Сочинения в трех книгах. Книга третья. Рассказы. Стихи - страница 18



Кроме книг у Симентовской были кошки. Наверное, их насчитывалось даже больше чем книг. Вонь от них в квартире стояла неимоверная. Соседи на нее жаловались, но терпели. Тогда пожилых еще уважали.

Иногда ее рассказы печатали в районной газете. Соседи покупали газету и обсуждали. Газеты долго хранили. Иногда приходили бандероли с книжками. Тогда она наряжалась и приходила в ресторан при вокзале, заказывала салат и рюмку водки. Долго сидела, выкуривала с пачку папирос, болтала с официантами, а потом, опираясь на палочку, шла домой. Кормила кошек и ложилась спать. Мать говорила, что Симентовская дружила с самим Бруно Ясенским. Кто это такой, я тогда не знал. Зачем мать меня к ней водила? Наверное, чтобы я слушал их разговоры и умнел. Может быть, чтобы запомнил живую писательницу? Мать подметала пол у Симентовской, вытирала пыль с книг. Готовила борщ из принесенных продуктов. Симентовская сидела около нее. Курила папиросу за папиросой и рассказывала. О чем?

Один раз она спросила меня, чем мы занимаемся в детском саду. Я рассказал, что сегодня воспитательница построила нас и занималась арифметикой. Она спрашивала, сколько будет три плюс четыре. Тех, кто отвечал правильно, отпускала гулять, а кто не отвечал, ставила в конец шеренги и потом снова спрашивала.

– А ты как?

– Я не ходил гулять.

– Почему, не знал, что ли, что будет семь?

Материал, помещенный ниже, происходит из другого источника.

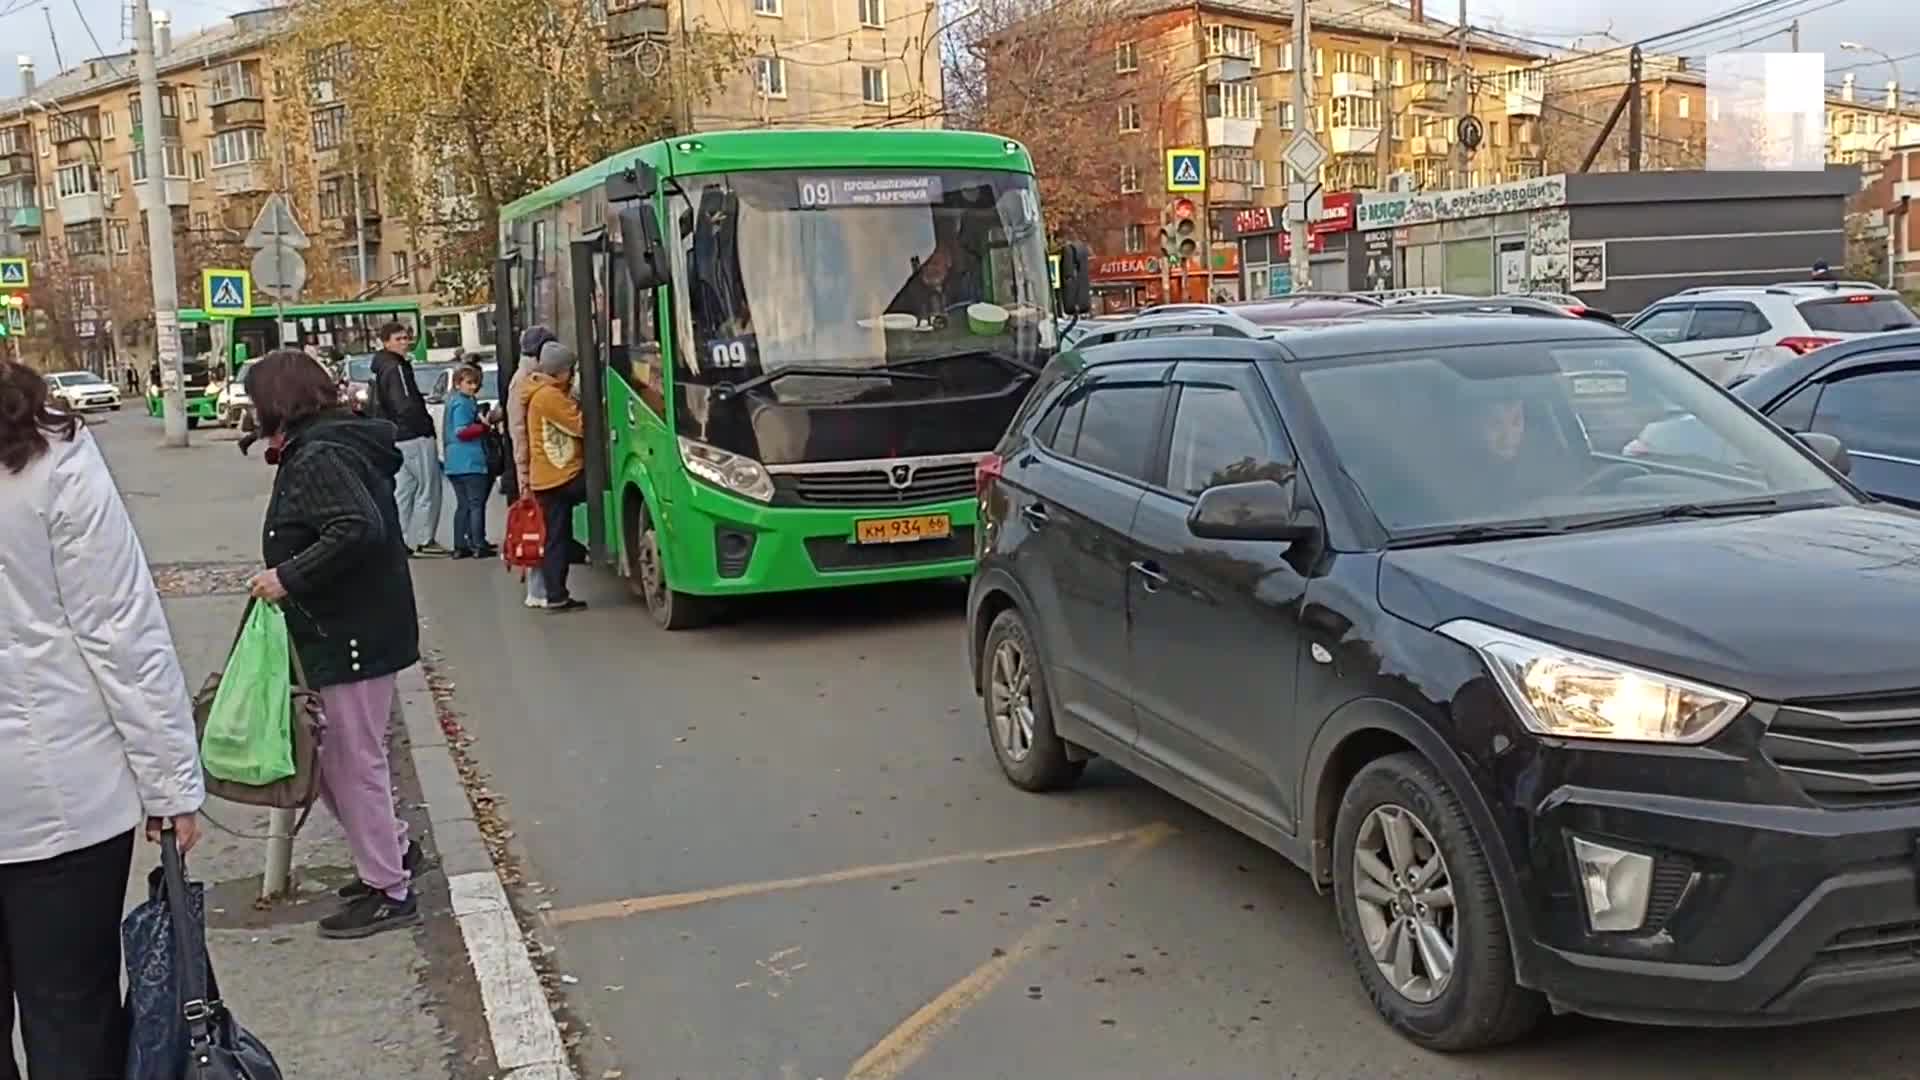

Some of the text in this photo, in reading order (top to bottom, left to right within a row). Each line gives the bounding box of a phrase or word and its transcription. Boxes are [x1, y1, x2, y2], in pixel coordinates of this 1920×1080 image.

[802, 182, 830, 205] 09
[1503, 184, 1546, 202] ОВОЩИ
[1100, 259, 1146, 274] АПТЕКА
[712, 341, 747, 369] 09
[890, 519, 921, 537] 934
[928, 517, 945, 529] 66

– Знал. Я слышал, как другие говорили «семь» и их отпускали.

– Ну и?

– Я не мог сказать. Я же не сам додумался.

– Понятно. Уж и не знаю, похвалить тебя или нет, – она почесала затылок и добавила: – Все же ты скорее молодец.

Тогда она единственный раз прижала меня к себе, погладила по голове и поцеловала. От ее кофты пахло куревом, чернилами и книжками.


Зимой мать заболела и долго не ходила к писательнице. А потом прошел слух, что Симентовская умерла. Умерла тихо. Никто про это не знал, и когда спохватились, выломали дверь, она лежала на полу с лицом, обглоданным любимыми кошками.

Нашли адрес сына. Он приехал. Конечно, на похороны опоздал. Книжки отдал в библиотеку. Себе оставил только связочку ее книг. Он заходил в каждый дом на улице. Худой, длинный, похожий на мать, с таким же голосом, курил те же папиросы «Беломор». Приносил конфеты и магазинное печенье, чтобы помянуть. А потом уехал. Мне тогда было лет шесть.

С лицом, обглоданным… Наверное, как у того зэка.

Почему всегда, о чем бы ни думал, в конце концов вспоминаю тот день. Беглого страшного зэка. Ведь было два броска и два ножа. Значит, моей вины в его смерти только половина. Если бы не попал, то он нас убил бы. Да и вообще, убил его не я, а мой нож. Я нож в руке не держал, когда он воткнулся в глаз зэку. Тысячу раз убеждал себя в этом. Когда нож летел, он уже не был в моей руке. Зэк сам на него наткнулся, уворачиваясь от Борькиного ножа.

Так можно договориться, что нож был неподвижным, когда летел. Как у Зенона Элейского. В парадоксах, или, как там говорили, – в апориях. Точно, парадоксы – это апории.

«Летящая стрела неподвижна». Надо же додуматься: в каждый момент стрела находится в какой-то точке, а значит, неподвижна. И сумма этих неподвижных точек есть неподвижность.

А что у него еще было? Кажется, всего было четыре. «Быстроногий Ахиллес никогда не догонит медленную черепаху» – помню. Второй называется дихотомия: «Сколько ни иди, никогда не дойдешь до самого близкого». Третий, про стрелу, уже был. А последний. Какой был последний? Последний – «стадий».